Given the chasm that has developed in American journalism between the mainstream media and the conservative media—the former continuing to gravitate toward objective truth by disciplining itself through a number of negative feedback mechanisms, the latter fostering the sorts of positive feedback mechanisms that tend to produce and amplify falsehoods—it is not difficult to see why President Trump chose to appear frequently on conservative outlets like Fox, while shunning and vilifying the mainstream media. Not only was Trump’s base already tuned into Fox, thus making this the natural place to connect with his supporters, but given the president’s own propensity to indulge in untruths, the mainstream media’s constant fact-checking and general insistence on serving as the fourth estate came to be a source of annoyance for Trump. It was far more pleasant to sit down and chat with conservative commentators who were only too eager to host him—knowing this would approve their ratings—tossing the president softball questions and declining to push back when he made demonstrably false claims, up to and including the lie that the 2020 election had been stolen.

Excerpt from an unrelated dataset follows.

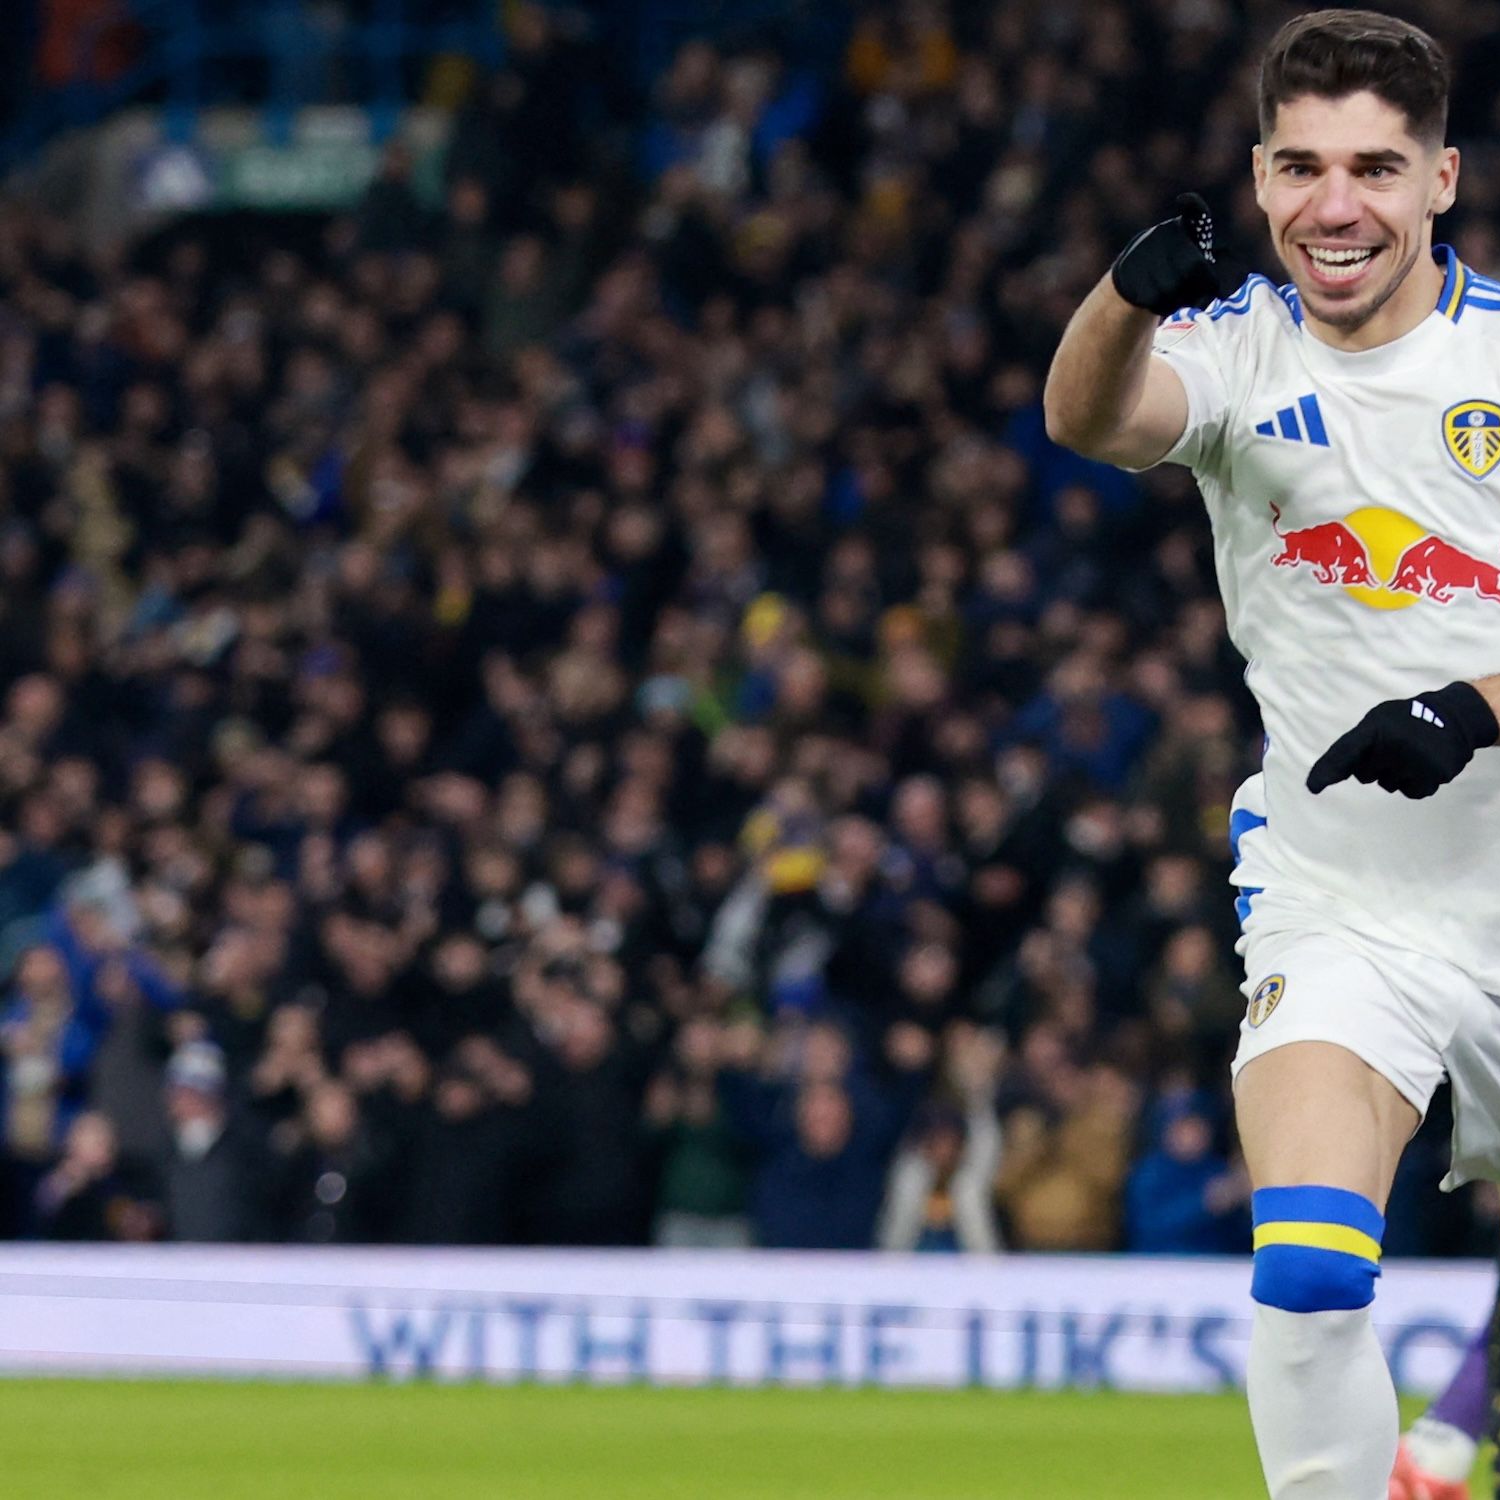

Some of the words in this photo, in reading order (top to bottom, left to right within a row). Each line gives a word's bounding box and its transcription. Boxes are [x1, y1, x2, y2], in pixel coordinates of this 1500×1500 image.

None of this analysis should be taken to imply that pre-cable television news was paradisical land of unbiased, perfectly balanced truth. Whether or not political bias was rife, one thing Walter Cronkite had in common with virtually every other TV news anchor, producer, and editor up to that point in history is that they were White men. Even if many of these journalists may have earnestly tried to fact-check one another as they reported on the civil rights movement or the women’s rights movement, they could not very well check one another on the implicit biases they all shared. Since this time, most news outlets—including even Fox—have made some attempt to address this particular form of distorting imbalance in their reporting. Convincing these hugely profitable enterprises that they should value truth over ratings will likely be an even bigger nut to crack, but if we can distinguish journalism driven by negative feedback from that driven by positive feedback, this can at least help us to be more responsible in our personal news consumption decisions.